In diesem Buch, werden Deine Arbeiten durch die anderer Künstler ergänzt. Wie hast Du diese teilweise sehr bekannten und renommierten Leute gewinnen können?

Ich bin gerne mutig und probiere aus. Ich frage einfach.

Du hast das Buch zunächst durch Crowdfunding finnaziert. Ist das eine Vorgehensweise, die Du empfehlen kannst?

Crowdfunding empfehle ich gerade bei gesellschaftsrelevanten Themen und denke, dass es im Selfpublish Bereich auch gut eingesetzt werden kann. Verlage nehmen sich nicht sofort Konzepten an, seien sie noch so kritisch, zeitaktuell oder gestützt durch renommierte Künstler. Da sollte man schon selbst aktiv werden, wenn einem die Sache wichtig ist.

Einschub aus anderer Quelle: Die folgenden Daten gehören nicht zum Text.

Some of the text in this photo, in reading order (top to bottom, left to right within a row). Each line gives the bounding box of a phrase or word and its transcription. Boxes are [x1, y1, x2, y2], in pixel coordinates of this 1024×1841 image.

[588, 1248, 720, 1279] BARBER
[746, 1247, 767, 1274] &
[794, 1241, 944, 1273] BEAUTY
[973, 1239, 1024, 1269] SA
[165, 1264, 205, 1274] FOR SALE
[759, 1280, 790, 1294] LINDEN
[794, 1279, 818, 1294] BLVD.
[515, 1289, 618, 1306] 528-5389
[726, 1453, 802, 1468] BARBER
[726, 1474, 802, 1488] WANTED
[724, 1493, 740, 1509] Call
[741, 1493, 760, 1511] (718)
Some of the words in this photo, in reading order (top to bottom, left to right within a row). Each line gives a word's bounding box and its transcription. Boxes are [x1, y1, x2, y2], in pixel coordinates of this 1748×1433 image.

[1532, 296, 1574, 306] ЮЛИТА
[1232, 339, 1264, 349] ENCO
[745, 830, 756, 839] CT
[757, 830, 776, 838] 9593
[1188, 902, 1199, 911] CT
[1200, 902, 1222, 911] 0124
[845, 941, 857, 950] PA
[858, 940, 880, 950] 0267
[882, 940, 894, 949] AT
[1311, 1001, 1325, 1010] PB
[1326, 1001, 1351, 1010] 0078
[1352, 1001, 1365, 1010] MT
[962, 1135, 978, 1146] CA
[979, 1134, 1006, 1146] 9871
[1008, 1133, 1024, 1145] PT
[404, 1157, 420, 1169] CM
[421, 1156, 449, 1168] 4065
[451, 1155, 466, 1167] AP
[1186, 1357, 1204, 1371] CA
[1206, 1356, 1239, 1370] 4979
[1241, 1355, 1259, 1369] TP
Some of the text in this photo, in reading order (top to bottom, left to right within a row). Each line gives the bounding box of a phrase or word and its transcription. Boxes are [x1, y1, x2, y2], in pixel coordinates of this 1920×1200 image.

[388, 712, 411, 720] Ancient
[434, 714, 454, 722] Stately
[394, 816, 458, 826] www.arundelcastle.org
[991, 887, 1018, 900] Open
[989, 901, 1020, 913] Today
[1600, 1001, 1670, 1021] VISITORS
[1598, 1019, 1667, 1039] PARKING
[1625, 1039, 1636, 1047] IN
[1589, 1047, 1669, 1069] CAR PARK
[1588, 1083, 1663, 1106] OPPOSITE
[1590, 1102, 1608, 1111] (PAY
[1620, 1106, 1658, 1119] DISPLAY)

Schließlich wurde das Buch nun doch von einem Verlag verlegt, wie kam es dazu?

Durch eine Empfehlung bin ich auf den Verlag VfmK gestoßen und es hat sofort Klick gemacht.

Was bedeutet dieses Buch für Dich persönlich?

Das Buch ist wie ein Meilenstein. Ich schaue es mir gerne immer wieder an.

 

An welchem Projekt arbeitest Du aktuell?

Ich arbeite an zwei Fotostrecken, die ich als Langzeitkonzepte während der Buchphase auf Eis legen musste und sammle Material für ein erstes Fotobuch. Vielleicht gibt es für Seeing Her Ghosts auch eine Fortsetzung auf Rundfunk-Ebene. Da kann ich aber noch nicht viel verraten.

 

Heute Abend findet die Finissage zur Ausstellung statt. Es wird gelesen.